[WHAT THE TASK ASKS]
Everything in the records below except the images should be output exactly as written.
^^^^^^^^
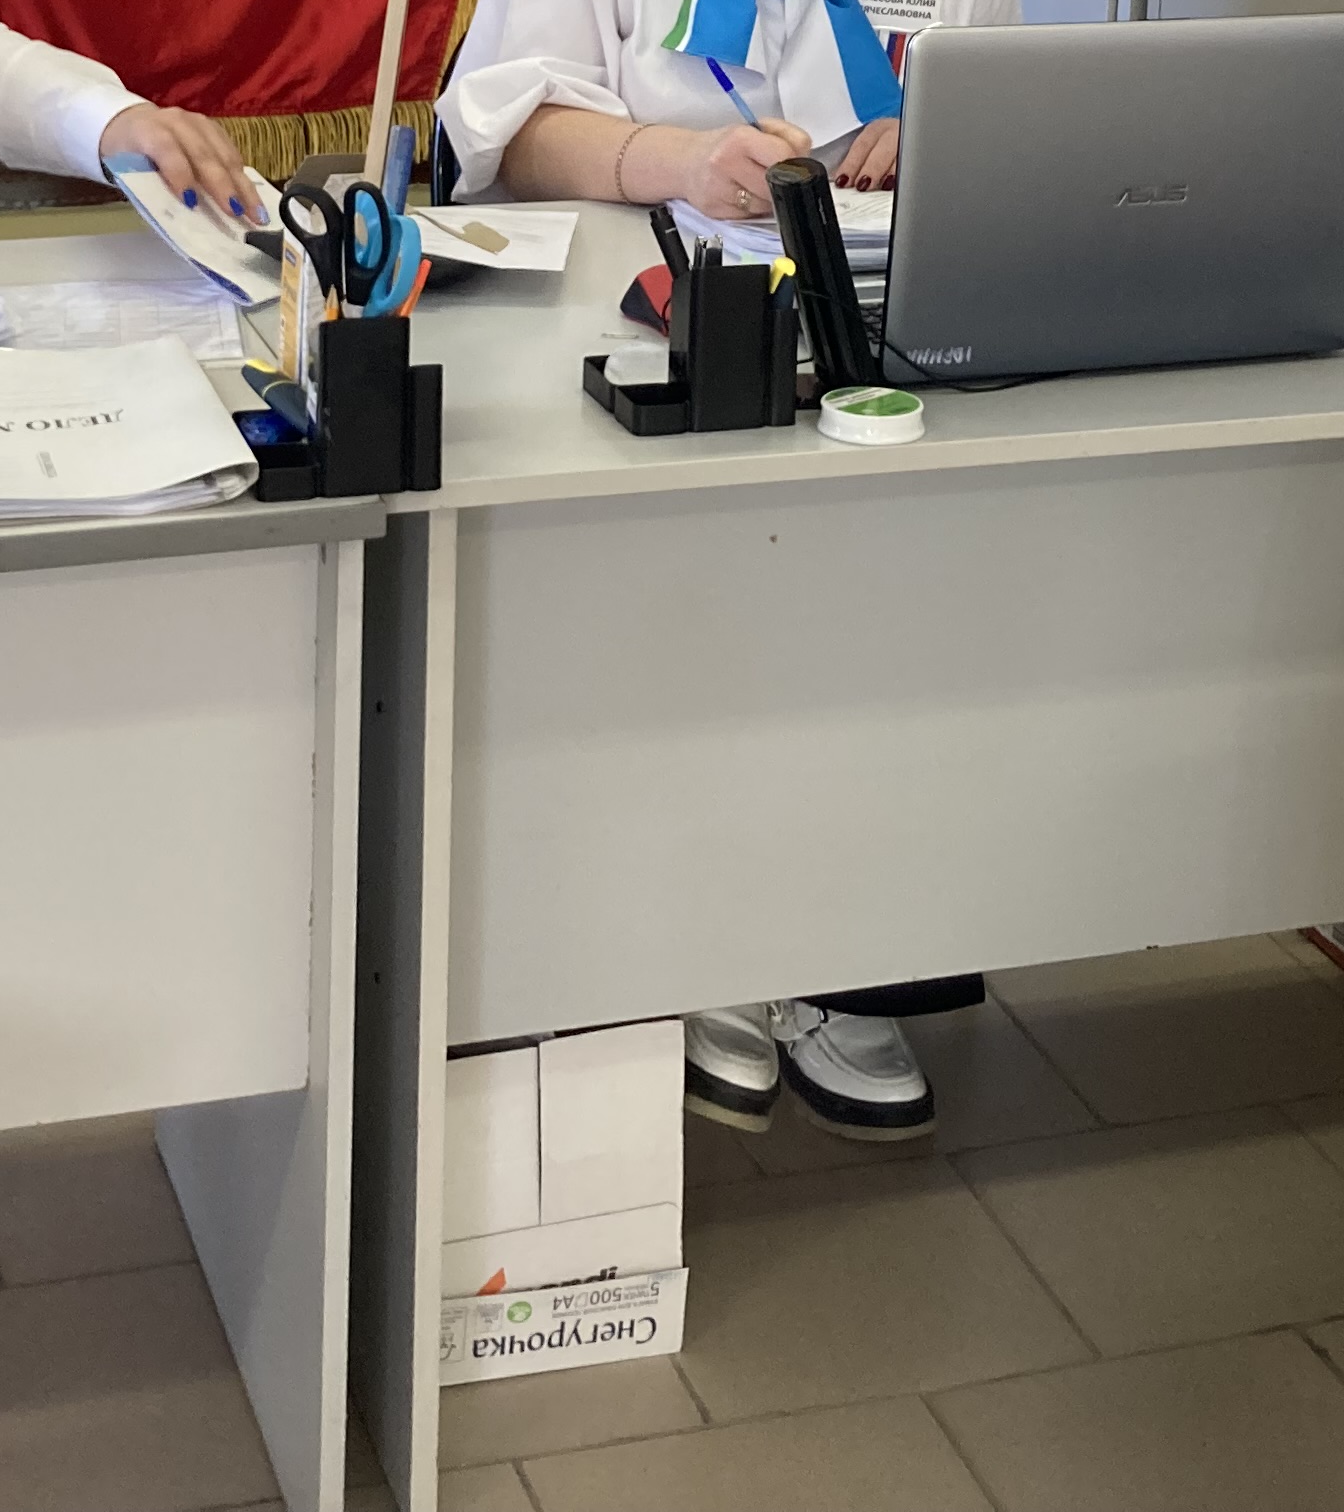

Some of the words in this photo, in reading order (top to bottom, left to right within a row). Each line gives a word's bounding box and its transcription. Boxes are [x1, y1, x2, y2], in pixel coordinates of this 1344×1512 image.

[863, 5, 932, 19] ЯЧЕСЛАВОВНА
[1116, 184, 1189, 207] ASUS
[589, 1288, 623, 1306] 500
[471, 1316, 658, 1359] Снегурочка
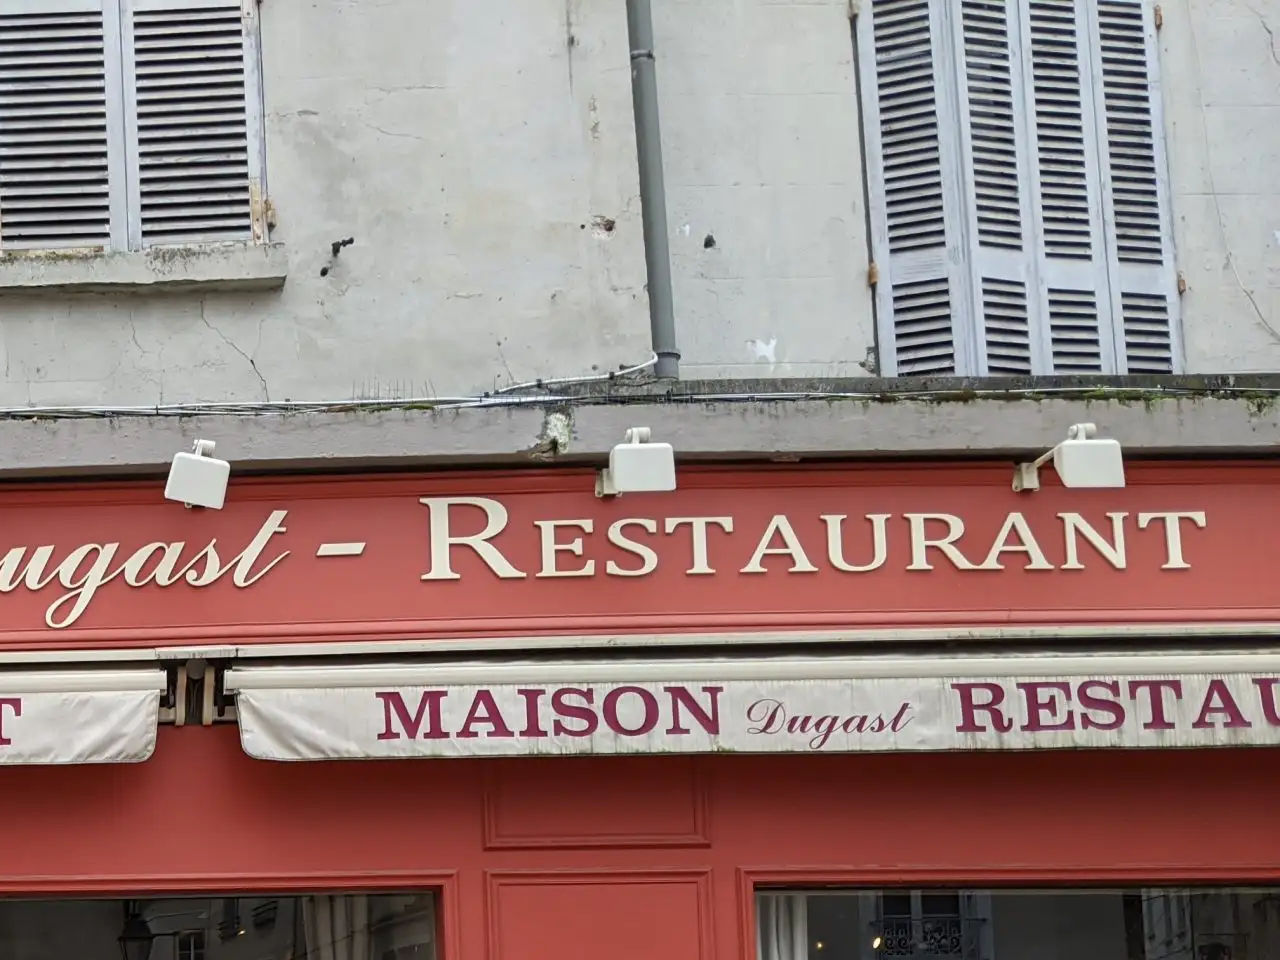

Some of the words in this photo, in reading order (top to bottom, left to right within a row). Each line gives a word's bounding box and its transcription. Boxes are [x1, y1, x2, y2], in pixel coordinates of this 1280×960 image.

[419, 496, 1206, 581] RESTAURANT
[375, 686, 724, 740] MAISON
[746, 698, 915, 749] Dugast
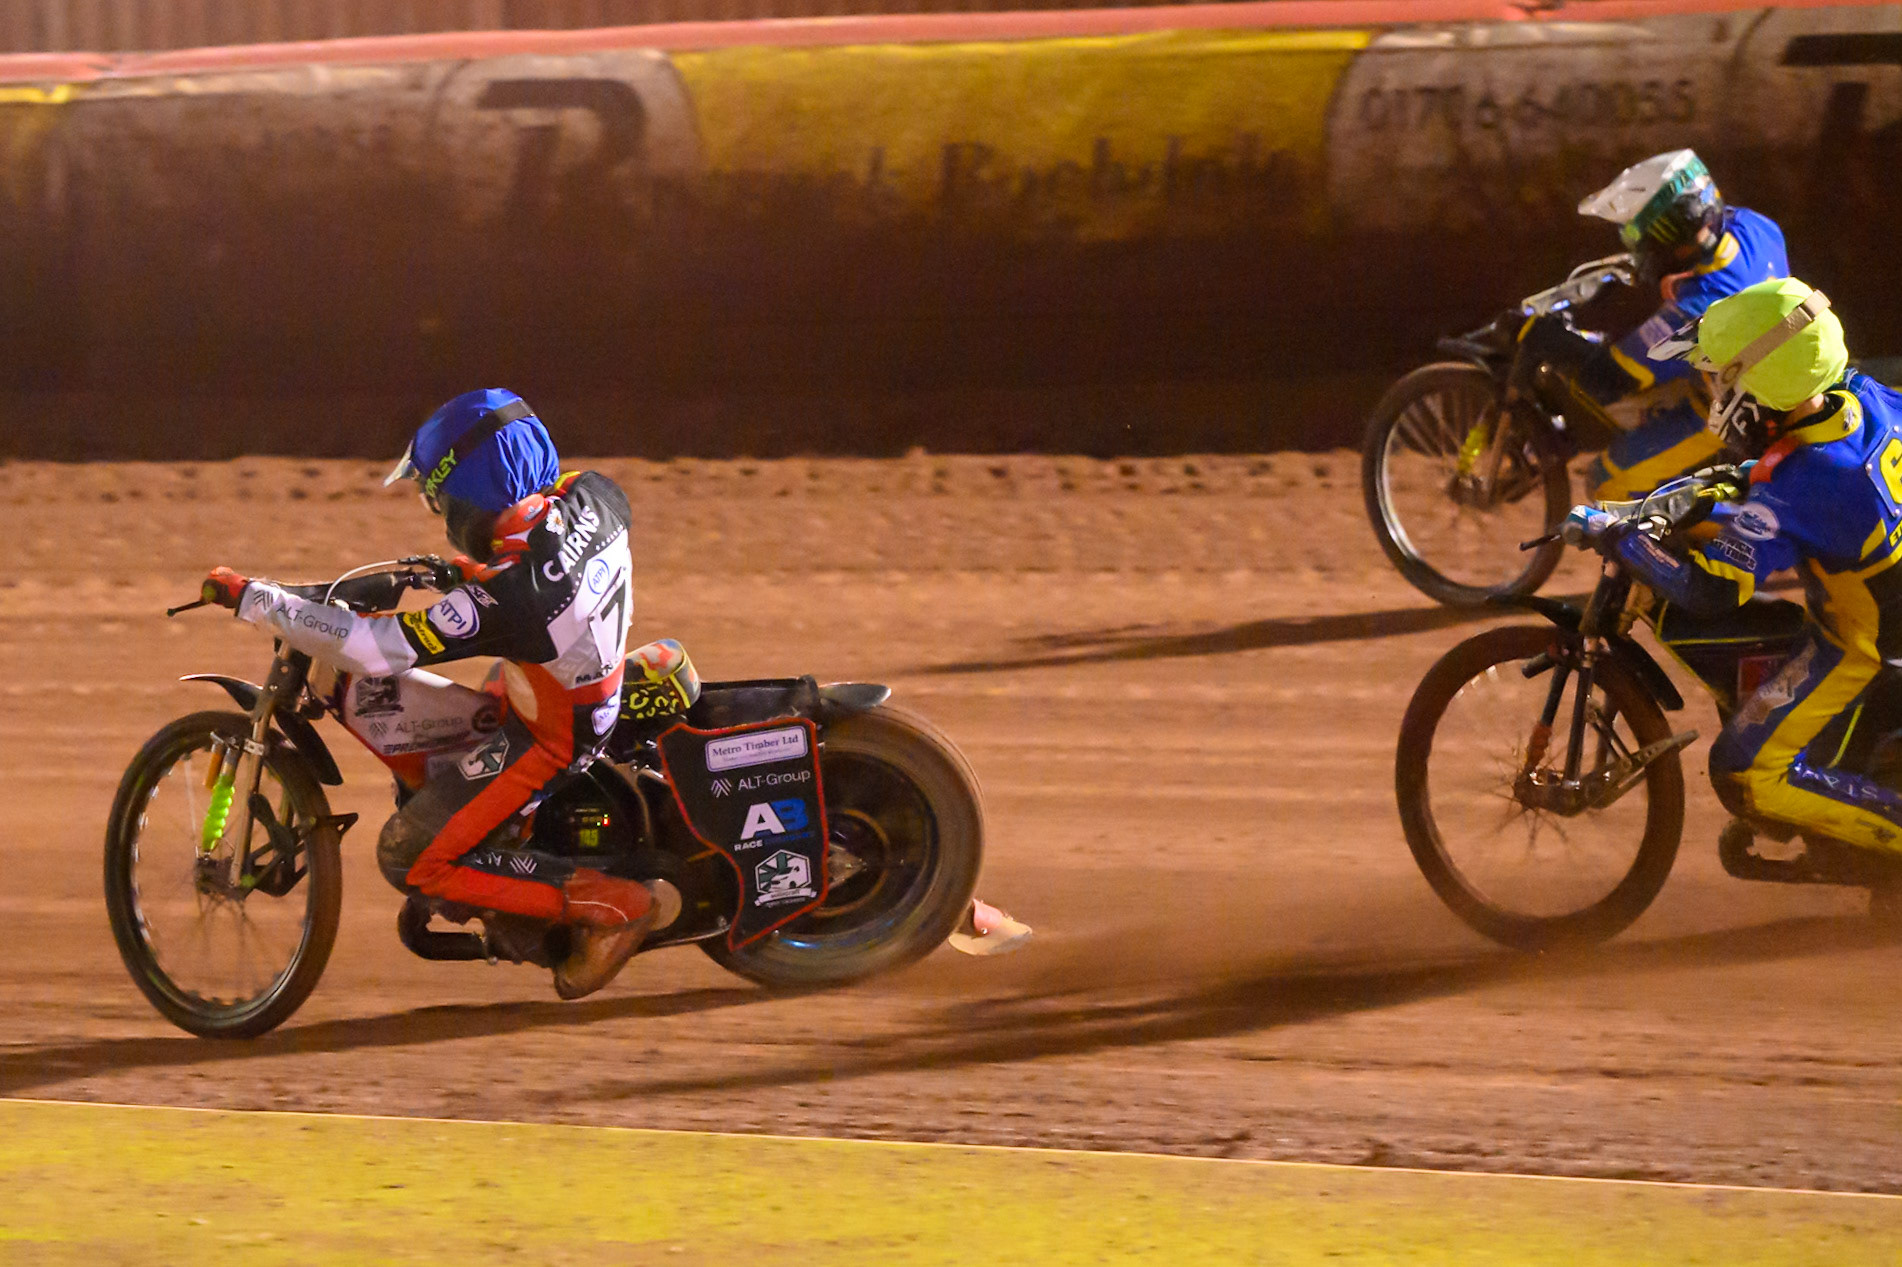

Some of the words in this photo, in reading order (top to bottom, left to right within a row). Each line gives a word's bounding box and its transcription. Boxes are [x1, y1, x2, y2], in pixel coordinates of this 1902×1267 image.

[543, 505, 600, 582] CAIRNS
[592, 566, 605, 588] ATPI
[276, 606, 350, 641] ALT-Group
[441, 599, 467, 630] ATPI
[600, 578, 626, 653] 7
[712, 744, 742, 757] Metro
[744, 738, 779, 752] Timber
[782, 733, 799, 745] Ltd
[738, 769, 811, 791] ALT-Group
[734, 840, 763, 852] RACE
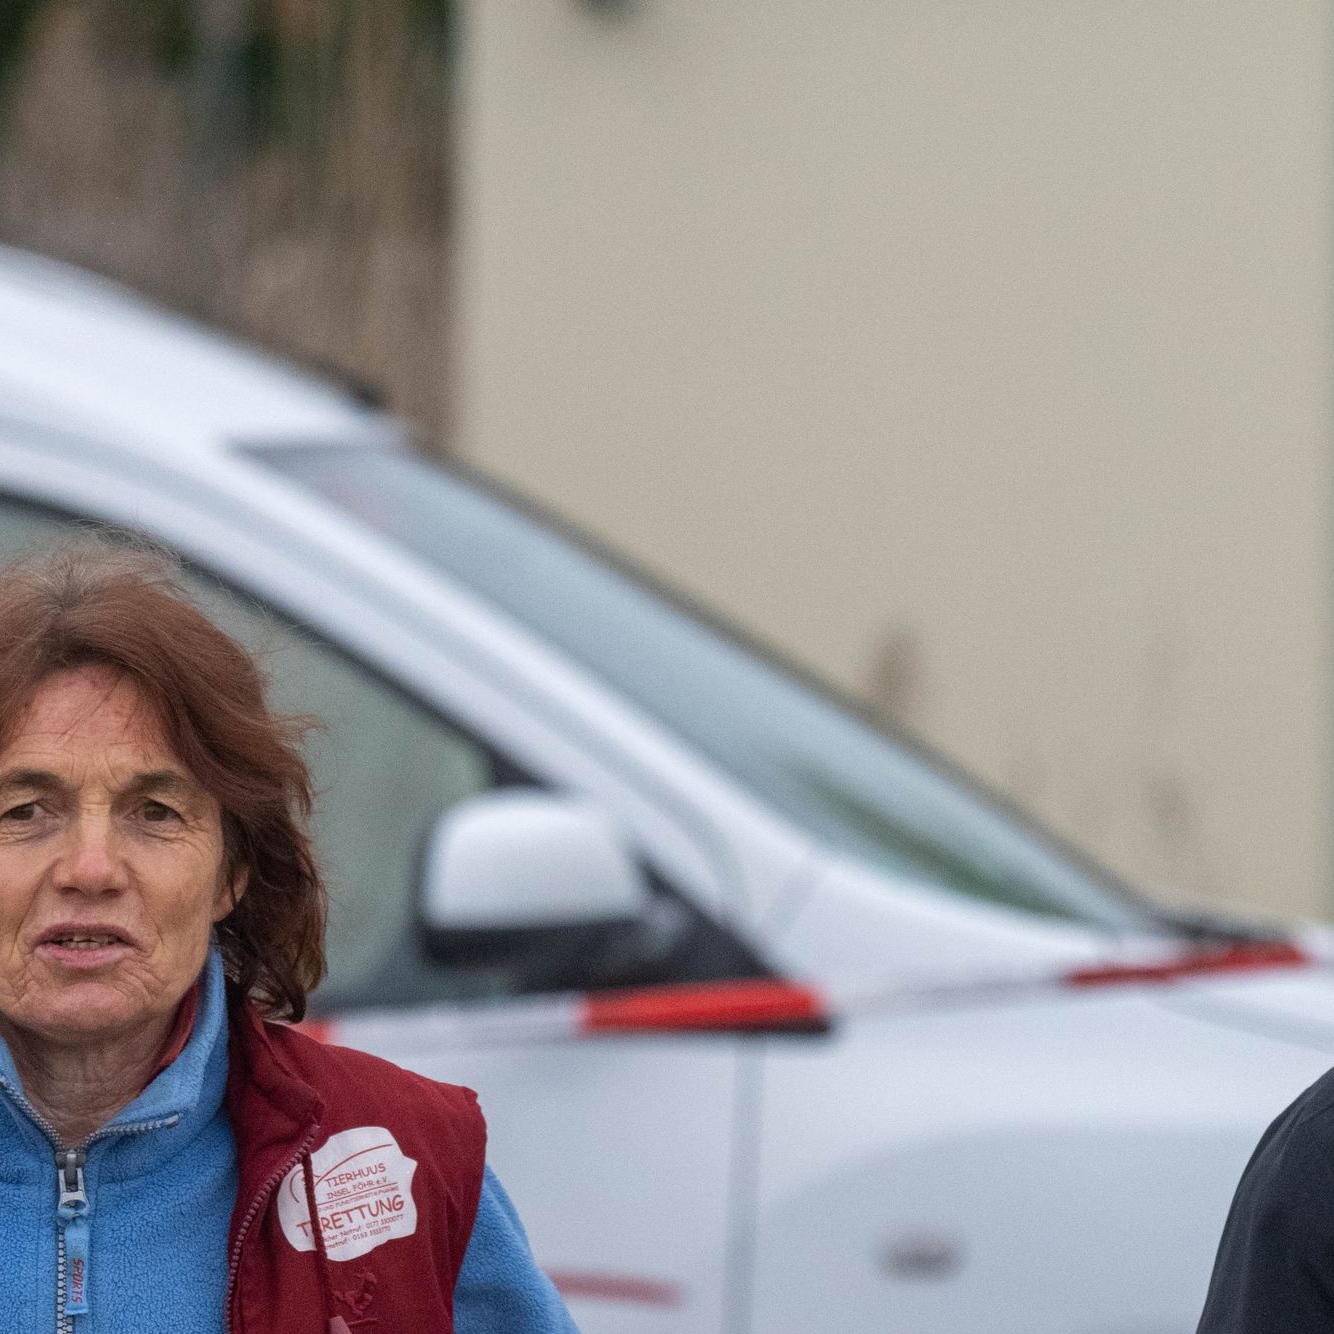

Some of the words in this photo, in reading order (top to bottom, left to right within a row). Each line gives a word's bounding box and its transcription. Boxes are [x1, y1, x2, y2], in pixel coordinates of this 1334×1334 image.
^^^^^^^^
[OUTPUT]
Some of the words in this photo, in reading order (top to bottom, left to right within a row). Each line gives a word's bounding box and its transcription. Boxes are [x1, y1, x2, y2], in pixel coordinates of this 1344×1512 image.

[863, 5, 932, 19] ЯЧЕСЛАВОВНА
[1116, 184, 1189, 207] ASUS
[589, 1288, 623, 1306] 500
[471, 1316, 658, 1359] Снегурочка

Some of the words in this photo, in reading order (top to bottom, left to right within a row). Each line gives a word's bounding box and its transcription. Boxes are [x1, y1, x2, y2], in pixel coordinates of this 1280×960 image.

[419, 496, 1206, 581] RESTAURANT
[375, 686, 724, 740] MAISON
[746, 698, 915, 749] Dugast

Some of the words in this photo, in reading order (top to bottom, left to right within a row). Each line gives a word's bounding box and its transcription. Boxes are [x1, y1, x2, y2], in pixel coordinates of this 1902×1267 image.

[543, 505, 600, 582] CAIRNS
[592, 566, 605, 588] ATPI
[276, 606, 350, 641] ALT-Group
[441, 599, 467, 630] ATPI
[600, 578, 626, 653] 7
[712, 744, 742, 757] Metro
[744, 738, 779, 752] Timber
[782, 733, 799, 745] Ltd
[738, 769, 811, 791] ALT-Group
[734, 840, 763, 852] RACE

Some of the words in this photo, in reading order (top to bottom, left to right within a row). Each line gives a word's bounding box and its transcription. Boxes are [x1, y1, x2, y2], in pixel coordinates of this 1334×1334 image.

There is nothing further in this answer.